You won’t see as much faux leather made from polyvinyl chloride (PVC) as you might have in the 1960s and ’70s, but the material can still be found in the composition of some. The problem with the polymer is that it can release dioxins and other toxic substances. Since PVC uses chemicals called phthalates, which are highly toxic, to make it soft, it’s even been banned in some countries for food packaging, anything related to children and babies, and many healthcare institutions are abandoning it.
Lately polyurethane (PU) is a more commonly used material. As Zambrelli puts it, “It’s still no angel. It’s made from fossil fuels, doesn’t biodegrade, and can be carcinogenic.”
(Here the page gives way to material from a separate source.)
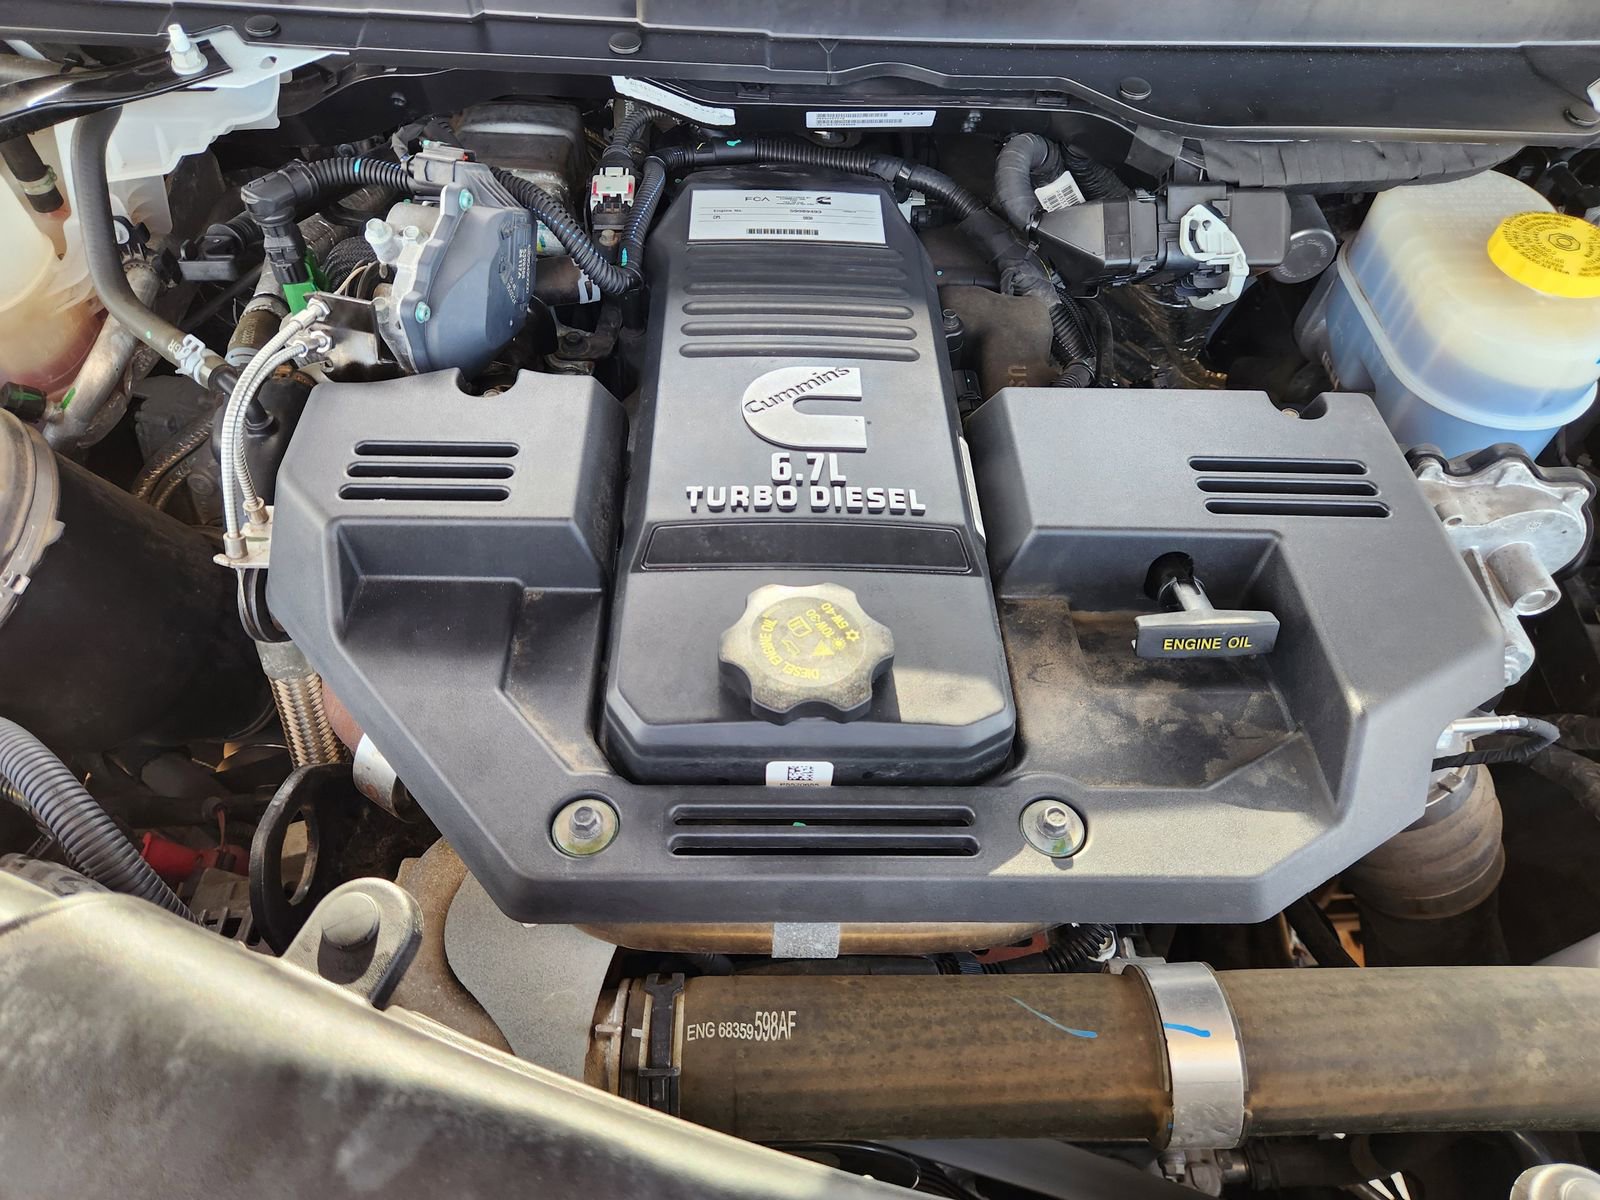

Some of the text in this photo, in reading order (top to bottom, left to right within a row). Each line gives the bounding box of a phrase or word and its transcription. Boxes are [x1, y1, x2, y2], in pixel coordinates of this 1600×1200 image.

The good news is that there are some other materials coming onto the market that deserve some attention, including faux leather products being developed from pineapples and apples. Talk about being made from food byproducts! Piñatex uses pineapple leaf fibers, left from the pineapple harvest, to create a leather substitute. In fact, once the fibers have been stripped from the leaves, the remaining “biomass” can be used as fertilizer or biofuel, so nothing is wasted. Italian brand Altiir has a classic motorcycle jacket made from the material that, while not thoroughly convincing, does have its own kind of textured, chill aesthetic.
For the purists among us, British brand Gola is testing a vegan initiative this season, partnering with the Vegan Society for a capsule collection. The shoes Gola produces have undergone something called Ve-MAP testing, which identifies if any trace animal DNA was utilized in the shoe manufacturing process. While we haven’t seen the process being applied to any faux-leather jackets, we’re sure it’s only a matter of time, given market pressures.
Shopping has become a regular minefield, with issues about sustainability, fair-trade, climate change, and more informing our decisions on everything from grabbing a coffee to buying a home. The good news is that, whether you choose to go for a leather jacket that will have a legacy, or a vegan alternative that may help preserve the planet, you’re now equipped to make a decision that will maintain your sartorial, as well as your moral integrity.